Covered Hoppers

nw-mailing-list at nw-mailing-list at
Sun Mar 19 21:06:50 EST 2006

To answer the gentleman's question about covered hoppers, there were several
bulk commodities transported in covered hoppers such as limestone,
plastic granules, carbon black, feldspar , phosphate, cement, sugar, salt,
and gluten meal to name a few. The majority of covered hoppers were in
assigned service and limited to transporting one commodity in order to
prevent contaminating the car with foreign materials. Thus there was very
back-haul business for covered hoppers. If I may offer a correction to the
writer, contrary to popular belief that locomotive sand was moved in
hoppers, on the Southern Railway, and later Norfolk Southern, we received
locomotive sand in box cars in 50 lb. paper bags of reinforced paper. The
car was placed on the house track at the platform, and the local fuel dealer
who had the contract to fuel and sand the locomotives used the bags of sand
out of the car as needed. We kept five GP-38's on the Gainesville
yard in
order to meet the needs of 24/7 switching duties plus putting three local
freights to work daily, some of which needed two units to handle the tonnage.

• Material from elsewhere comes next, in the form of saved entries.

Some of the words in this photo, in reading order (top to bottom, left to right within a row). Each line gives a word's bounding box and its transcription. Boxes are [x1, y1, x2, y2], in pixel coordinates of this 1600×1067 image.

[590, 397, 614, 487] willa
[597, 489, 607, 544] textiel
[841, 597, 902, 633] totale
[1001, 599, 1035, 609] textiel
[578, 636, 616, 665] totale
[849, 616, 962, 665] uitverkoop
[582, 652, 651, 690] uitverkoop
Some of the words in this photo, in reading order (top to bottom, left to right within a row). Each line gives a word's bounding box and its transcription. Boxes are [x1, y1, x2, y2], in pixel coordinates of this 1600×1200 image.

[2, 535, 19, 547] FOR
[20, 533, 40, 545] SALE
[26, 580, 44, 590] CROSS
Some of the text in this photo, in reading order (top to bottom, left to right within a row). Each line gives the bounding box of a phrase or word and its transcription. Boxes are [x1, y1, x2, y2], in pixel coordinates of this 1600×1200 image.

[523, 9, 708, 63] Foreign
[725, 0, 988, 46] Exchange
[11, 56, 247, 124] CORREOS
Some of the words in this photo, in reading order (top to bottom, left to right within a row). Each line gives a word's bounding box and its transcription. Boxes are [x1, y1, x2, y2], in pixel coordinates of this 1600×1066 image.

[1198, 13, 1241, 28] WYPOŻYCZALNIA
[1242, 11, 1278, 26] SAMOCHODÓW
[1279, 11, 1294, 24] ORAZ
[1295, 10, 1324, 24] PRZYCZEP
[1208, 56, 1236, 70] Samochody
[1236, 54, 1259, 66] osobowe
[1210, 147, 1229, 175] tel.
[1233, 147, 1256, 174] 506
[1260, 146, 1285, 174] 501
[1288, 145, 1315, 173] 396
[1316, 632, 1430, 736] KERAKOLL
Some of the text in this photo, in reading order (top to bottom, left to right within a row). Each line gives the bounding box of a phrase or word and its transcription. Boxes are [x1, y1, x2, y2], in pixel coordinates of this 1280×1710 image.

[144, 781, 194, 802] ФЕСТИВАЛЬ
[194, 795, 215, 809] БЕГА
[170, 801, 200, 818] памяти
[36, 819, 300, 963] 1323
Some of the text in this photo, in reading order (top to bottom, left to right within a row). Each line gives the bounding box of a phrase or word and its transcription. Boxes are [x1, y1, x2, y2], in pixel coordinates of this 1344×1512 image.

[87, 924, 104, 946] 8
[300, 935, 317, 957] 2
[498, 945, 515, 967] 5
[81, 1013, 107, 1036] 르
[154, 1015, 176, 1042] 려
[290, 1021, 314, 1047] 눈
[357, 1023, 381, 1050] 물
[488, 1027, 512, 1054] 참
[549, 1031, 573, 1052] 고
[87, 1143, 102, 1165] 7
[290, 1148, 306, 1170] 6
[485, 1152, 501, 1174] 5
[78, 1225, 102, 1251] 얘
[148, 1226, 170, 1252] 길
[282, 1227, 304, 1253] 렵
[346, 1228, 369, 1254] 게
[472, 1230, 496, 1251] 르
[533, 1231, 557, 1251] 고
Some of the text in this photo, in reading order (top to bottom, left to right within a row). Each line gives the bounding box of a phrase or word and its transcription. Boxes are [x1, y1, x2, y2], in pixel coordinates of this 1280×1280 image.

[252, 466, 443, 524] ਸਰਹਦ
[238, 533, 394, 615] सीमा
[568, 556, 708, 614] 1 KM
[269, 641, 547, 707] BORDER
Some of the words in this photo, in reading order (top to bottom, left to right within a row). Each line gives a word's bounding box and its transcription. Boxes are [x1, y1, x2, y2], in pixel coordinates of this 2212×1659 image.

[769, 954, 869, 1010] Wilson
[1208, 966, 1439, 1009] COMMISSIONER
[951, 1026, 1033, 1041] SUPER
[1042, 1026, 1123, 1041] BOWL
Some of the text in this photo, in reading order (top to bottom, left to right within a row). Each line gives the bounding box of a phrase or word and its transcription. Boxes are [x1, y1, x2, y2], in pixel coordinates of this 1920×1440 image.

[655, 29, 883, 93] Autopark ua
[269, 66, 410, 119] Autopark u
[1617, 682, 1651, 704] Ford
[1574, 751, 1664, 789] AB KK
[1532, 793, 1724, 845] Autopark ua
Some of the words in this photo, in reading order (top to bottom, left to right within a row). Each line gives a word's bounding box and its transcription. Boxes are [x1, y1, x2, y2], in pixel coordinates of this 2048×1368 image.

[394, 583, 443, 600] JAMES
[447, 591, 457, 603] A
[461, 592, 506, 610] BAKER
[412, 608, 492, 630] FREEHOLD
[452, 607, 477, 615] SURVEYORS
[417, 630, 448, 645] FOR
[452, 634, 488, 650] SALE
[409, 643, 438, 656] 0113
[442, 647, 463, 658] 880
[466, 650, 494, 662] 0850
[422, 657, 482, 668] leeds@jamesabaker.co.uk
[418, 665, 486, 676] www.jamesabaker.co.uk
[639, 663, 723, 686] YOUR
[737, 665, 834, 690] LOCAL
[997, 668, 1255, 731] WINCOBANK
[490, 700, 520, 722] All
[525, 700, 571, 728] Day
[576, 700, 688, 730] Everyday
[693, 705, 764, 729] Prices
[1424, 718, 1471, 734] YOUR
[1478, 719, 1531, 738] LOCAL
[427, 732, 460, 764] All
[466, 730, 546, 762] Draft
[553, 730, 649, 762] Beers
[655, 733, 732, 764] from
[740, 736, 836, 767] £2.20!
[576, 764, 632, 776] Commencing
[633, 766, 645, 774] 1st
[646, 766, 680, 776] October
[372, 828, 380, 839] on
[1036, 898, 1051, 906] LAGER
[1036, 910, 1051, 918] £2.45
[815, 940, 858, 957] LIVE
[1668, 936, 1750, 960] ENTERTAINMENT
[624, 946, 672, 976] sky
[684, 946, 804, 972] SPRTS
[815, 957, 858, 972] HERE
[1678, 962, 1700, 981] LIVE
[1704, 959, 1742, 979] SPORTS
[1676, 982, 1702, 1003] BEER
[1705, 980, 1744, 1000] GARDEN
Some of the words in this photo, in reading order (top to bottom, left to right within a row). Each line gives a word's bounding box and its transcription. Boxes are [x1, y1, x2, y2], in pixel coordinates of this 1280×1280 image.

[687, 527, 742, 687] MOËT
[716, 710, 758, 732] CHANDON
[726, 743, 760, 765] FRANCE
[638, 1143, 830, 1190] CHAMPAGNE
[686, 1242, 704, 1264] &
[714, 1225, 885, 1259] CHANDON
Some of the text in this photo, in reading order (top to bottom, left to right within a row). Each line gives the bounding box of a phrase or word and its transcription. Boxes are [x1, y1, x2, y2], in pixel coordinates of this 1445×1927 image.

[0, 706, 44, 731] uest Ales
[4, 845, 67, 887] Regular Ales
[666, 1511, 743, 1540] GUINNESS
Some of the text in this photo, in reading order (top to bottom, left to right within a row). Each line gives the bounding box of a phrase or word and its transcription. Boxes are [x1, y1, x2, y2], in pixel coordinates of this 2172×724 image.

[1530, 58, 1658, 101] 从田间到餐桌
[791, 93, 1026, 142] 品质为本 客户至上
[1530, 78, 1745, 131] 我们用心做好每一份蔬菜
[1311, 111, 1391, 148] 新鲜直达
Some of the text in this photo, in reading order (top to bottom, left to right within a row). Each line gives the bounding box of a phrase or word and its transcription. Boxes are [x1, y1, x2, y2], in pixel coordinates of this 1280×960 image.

Engine sand placed in paper bags and placed in box cars was protected from
humidity and wet wather and stayed as dry as a powder house. Sand had to
be kept dry as at outlying terminals sand is pumped through a rubber hose
height of the locomotive to the sanding nozzle using air pressure from the air
pumps on the locomotive. The slightest bit of moisture would screw up this
process. If truth be known, I would wager that a good deal of N&W sand
made it's way to the sandhouse in paper bags loaded in box cars that were
in assigned service to transport company material, namely, sand. As for
hauling grain in covered hoppers, that whole ballgame began in the early 60's
through the dogged determination of one man, D.W. Brosnan, President of
Southern Railway who took the trucking industry all the way to the U.S.
Supreme Court in order to establish low rates for shipping grain in multiple
100 ton covered hoppers built by Pullman-Standard for Southern Railway
and numbered in the 8000 series with the nickname "Big Johns." Today's
unit grain trains are a direct legacy of D.W. Brosnan. Bill Sellers.